◆ **Directions**
Extract the full set of records, then give each one again exactly.

Free-text object descriptions:
=== Begin Enclosure ===
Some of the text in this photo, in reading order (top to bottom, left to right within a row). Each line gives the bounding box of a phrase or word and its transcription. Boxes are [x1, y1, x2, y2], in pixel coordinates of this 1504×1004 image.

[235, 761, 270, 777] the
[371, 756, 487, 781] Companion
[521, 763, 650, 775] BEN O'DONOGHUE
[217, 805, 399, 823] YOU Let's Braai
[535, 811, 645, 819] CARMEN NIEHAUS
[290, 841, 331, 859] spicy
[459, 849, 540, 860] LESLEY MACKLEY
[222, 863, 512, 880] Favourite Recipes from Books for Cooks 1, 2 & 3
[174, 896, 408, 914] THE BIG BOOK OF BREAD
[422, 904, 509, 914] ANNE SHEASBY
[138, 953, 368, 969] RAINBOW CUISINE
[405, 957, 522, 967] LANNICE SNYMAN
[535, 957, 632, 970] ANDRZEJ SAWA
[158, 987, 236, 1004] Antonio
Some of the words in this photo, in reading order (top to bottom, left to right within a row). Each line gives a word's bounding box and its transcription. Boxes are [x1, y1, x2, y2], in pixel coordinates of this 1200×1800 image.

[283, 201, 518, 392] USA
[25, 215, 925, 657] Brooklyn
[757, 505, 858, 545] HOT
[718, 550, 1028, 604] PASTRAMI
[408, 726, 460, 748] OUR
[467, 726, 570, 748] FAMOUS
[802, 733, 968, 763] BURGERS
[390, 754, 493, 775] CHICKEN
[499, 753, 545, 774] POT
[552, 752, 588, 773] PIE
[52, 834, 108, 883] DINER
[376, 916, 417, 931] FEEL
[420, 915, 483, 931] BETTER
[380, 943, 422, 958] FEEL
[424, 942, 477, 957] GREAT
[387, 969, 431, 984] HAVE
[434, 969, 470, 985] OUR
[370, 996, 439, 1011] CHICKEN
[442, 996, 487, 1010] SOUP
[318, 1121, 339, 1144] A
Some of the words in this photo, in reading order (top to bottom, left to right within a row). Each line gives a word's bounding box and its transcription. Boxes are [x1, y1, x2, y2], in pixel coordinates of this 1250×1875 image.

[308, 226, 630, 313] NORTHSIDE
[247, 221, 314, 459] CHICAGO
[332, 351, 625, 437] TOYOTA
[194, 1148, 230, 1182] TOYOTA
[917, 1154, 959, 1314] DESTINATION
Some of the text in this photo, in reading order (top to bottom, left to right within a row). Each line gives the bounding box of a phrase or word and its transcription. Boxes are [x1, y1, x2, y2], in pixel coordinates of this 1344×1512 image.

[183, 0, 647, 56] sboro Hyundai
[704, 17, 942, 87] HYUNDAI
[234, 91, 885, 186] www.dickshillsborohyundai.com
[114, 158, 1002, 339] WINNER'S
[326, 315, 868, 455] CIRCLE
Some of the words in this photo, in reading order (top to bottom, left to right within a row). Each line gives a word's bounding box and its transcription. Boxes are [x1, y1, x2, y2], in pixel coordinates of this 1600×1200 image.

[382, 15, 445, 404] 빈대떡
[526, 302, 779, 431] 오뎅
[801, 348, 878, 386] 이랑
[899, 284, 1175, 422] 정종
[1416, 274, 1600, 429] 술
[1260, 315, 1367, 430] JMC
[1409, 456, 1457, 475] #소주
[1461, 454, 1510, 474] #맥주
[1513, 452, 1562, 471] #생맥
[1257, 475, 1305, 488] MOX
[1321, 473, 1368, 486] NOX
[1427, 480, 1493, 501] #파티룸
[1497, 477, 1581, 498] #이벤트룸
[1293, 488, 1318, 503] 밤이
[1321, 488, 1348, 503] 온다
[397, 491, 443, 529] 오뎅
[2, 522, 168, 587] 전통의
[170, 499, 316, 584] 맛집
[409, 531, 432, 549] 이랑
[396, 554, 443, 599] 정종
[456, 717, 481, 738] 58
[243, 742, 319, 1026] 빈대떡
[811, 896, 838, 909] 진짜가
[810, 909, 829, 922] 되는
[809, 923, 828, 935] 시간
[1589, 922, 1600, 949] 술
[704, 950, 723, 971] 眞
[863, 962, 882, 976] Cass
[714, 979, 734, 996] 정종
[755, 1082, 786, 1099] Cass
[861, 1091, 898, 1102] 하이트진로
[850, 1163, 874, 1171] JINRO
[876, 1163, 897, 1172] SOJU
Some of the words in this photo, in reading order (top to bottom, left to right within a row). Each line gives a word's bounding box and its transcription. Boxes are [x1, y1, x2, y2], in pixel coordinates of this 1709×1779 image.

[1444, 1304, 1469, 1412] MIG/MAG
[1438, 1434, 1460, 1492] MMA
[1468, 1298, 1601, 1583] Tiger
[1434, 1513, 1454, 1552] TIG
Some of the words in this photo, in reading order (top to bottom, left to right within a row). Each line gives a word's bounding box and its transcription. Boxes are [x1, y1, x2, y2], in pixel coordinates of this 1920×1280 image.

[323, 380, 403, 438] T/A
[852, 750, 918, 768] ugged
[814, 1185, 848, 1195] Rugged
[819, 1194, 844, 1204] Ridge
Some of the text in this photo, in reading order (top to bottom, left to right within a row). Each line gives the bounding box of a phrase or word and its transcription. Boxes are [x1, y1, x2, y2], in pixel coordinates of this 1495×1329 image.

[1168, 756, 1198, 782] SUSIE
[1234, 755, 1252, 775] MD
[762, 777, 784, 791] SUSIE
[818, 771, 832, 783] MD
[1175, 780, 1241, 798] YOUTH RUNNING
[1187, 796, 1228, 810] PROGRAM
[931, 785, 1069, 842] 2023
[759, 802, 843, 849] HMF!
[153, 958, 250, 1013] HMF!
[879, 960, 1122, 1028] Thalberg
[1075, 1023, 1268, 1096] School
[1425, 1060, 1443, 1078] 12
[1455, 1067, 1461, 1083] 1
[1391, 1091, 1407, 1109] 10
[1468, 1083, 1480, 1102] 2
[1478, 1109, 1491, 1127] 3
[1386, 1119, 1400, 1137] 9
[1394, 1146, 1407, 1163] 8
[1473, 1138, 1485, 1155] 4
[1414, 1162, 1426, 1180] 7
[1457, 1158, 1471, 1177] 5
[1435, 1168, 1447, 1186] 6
=== End Enclosure ===
◆ **Task output**
Some of the text in this photo, in reading order (top to bottom, left to right within a row). Each line gives the bounding box of a phrase or word and its transcription. Boxes are [x1, y1, x2, y2], in pixel coordinates of this 1504×1004 image.

[235, 761, 270, 777] the
[371, 756, 487, 781] Companion
[521, 763, 650, 775] BEN O'DONOGHUE
[217, 805, 399, 823] YOU Let's Braai
[535, 811, 645, 819] CARMEN NIEHAUS
[290, 841, 331, 859] spicy
[459, 849, 540, 860] LESLEY MACKLEY
[222, 863, 512, 880] Favourite Recipes from Books for Cooks 1, 2 & 3
[174, 896, 408, 914] THE BIG BOOK OF BREAD
[422, 904, 509, 914] ANNE SHEASBY
[138, 953, 368, 969] RAINBOW CUISINE
[405, 957, 522, 967] LANNICE SNYMAN
[535, 957, 632, 970] ANDRZEJ SAWA
[158, 987, 236, 1004] Antonio
Some of the words in this photo, in reading order (top to bottom, left to right within a row). Each line gives a word's bounding box and its transcription. Boxes are [x1, y1, x2, y2], in pixel coordinates of this 1200×1800 image.

[283, 201, 518, 392] USA
[25, 215, 925, 657] Brooklyn
[757, 505, 858, 545] HOT
[718, 550, 1028, 604] PASTRAMI
[408, 726, 460, 748] OUR
[467, 726, 570, 748] FAMOUS
[802, 733, 968, 763] BURGERS
[390, 754, 493, 775] CHICKEN
[499, 753, 545, 774] POT
[552, 752, 588, 773] PIE
[52, 834, 108, 883] DINER
[376, 916, 417, 931] FEEL
[420, 915, 483, 931] BETTER
[380, 943, 422, 958] FEEL
[424, 942, 477, 957] GREAT
[387, 969, 431, 984] HAVE
[434, 969, 470, 985] OUR
[370, 996, 439, 1011] CHICKEN
[442, 996, 487, 1010] SOUP
[318, 1121, 339, 1144] A
Some of the words in this photo, in reading order (top to bottom, left to right within a row). Each line gives a word's bounding box and its transcription. Boxes are [x1, y1, x2, y2], in pixel coordinates of this 1250×1875 image.

[308, 226, 630, 313] NORTHSIDE
[247, 221, 314, 459] CHICAGO
[332, 351, 625, 437] TOYOTA
[194, 1148, 230, 1182] TOYOTA
[917, 1154, 959, 1314] DESTINATION
Some of the text in this photo, in reading order (top to bottom, left to right within a row). Each line gives the bounding box of a phrase or word and its transcription. Boxes are [x1, y1, x2, y2], in pixel coordinates of this 1344×1512 image.

[183, 0, 647, 56] sboro Hyundai
[704, 17, 942, 87] HYUNDAI
[234, 91, 885, 186] www.dickshillsborohyundai.com
[114, 158, 1002, 339] WINNER'S
[326, 315, 868, 455] CIRCLE
Some of the words in this photo, in reading order (top to bottom, left to right within a row). Each line gives a word's bounding box and its transcription. Boxes are [x1, y1, x2, y2], in pixel coordinates of this 1600×1200 image.

[382, 15, 445, 404] 빈대떡
[526, 302, 779, 431] 오뎅
[801, 348, 878, 386] 이랑
[899, 284, 1175, 422] 정종
[1416, 274, 1600, 429] 술
[1260, 315, 1367, 430] JMC
[1409, 456, 1457, 475] #소주
[1461, 454, 1510, 474] #맥주
[1513, 452, 1562, 471] #생맥
[1257, 475, 1305, 488] MOX
[1321, 473, 1368, 486] NOX
[1427, 480, 1493, 501] #파티룸
[1497, 477, 1581, 498] #이벤트룸
[1293, 488, 1318, 503] 밤이
[1321, 488, 1348, 503] 온다
[397, 491, 443, 529] 오뎅
[2, 522, 168, 587] 전통의
[170, 499, 316, 584] 맛집
[409, 531, 432, 549] 이랑
[396, 554, 443, 599] 정종
[456, 717, 481, 738] 58
[243, 742, 319, 1026] 빈대떡
[811, 896, 838, 909] 진짜가
[810, 909, 829, 922] 되는
[809, 923, 828, 935] 시간
[1589, 922, 1600, 949] 술
[704, 950, 723, 971] 眞
[863, 962, 882, 976] Cass
[714, 979, 734, 996] 정종
[755, 1082, 786, 1099] Cass
[861, 1091, 898, 1102] 하이트진로
[850, 1163, 874, 1171] JINRO
[876, 1163, 897, 1172] SOJU
Some of the words in this photo, in reading order (top to bottom, left to right within a row). Each line gives a word's bounding box and its transcription. Boxes are [x1, y1, x2, y2], in pixel coordinates of this 1709×1779 image.

[1444, 1304, 1469, 1412] MIG/MAG
[1438, 1434, 1460, 1492] MMA
[1468, 1298, 1601, 1583] Tiger
[1434, 1513, 1454, 1552] TIG
Some of the words in this photo, in reading order (top to bottom, left to right within a row). Each line gives a word's bounding box and its transcription. Boxes are [x1, y1, x2, y2], in pixel coordinates of this 1920×1280 image.

[323, 380, 403, 438] T/A
[852, 750, 918, 768] ugged
[814, 1185, 848, 1195] Rugged
[819, 1194, 844, 1204] Ridge
Some of the text in this photo, in reading order (top to bottom, left to right within a row). Each line gives the bounding box of a phrase or word and its transcription. Boxes are [x1, y1, x2, y2], in pixel coordinates of this 1495×1329 image.

[1168, 756, 1198, 782] SUSIE
[1234, 755, 1252, 775] MD
[762, 777, 784, 791] SUSIE
[818, 771, 832, 783] MD
[1175, 780, 1241, 798] YOUTH RUNNING
[1187, 796, 1228, 810] PROGRAM
[931, 785, 1069, 842] 2023
[759, 802, 843, 849] HMF!
[153, 958, 250, 1013] HMF!
[879, 960, 1122, 1028] Thalberg
[1075, 1023, 1268, 1096] School
[1425, 1060, 1443, 1078] 12
[1455, 1067, 1461, 1083] 1
[1391, 1091, 1407, 1109] 10
[1468, 1083, 1480, 1102] 2
[1478, 1109, 1491, 1127] 3
[1386, 1119, 1400, 1137] 9
[1394, 1146, 1407, 1163] 8
[1473, 1138, 1485, 1155] 4
[1414, 1162, 1426, 1180] 7
[1457, 1158, 1471, 1177] 5
[1435, 1168, 1447, 1186] 6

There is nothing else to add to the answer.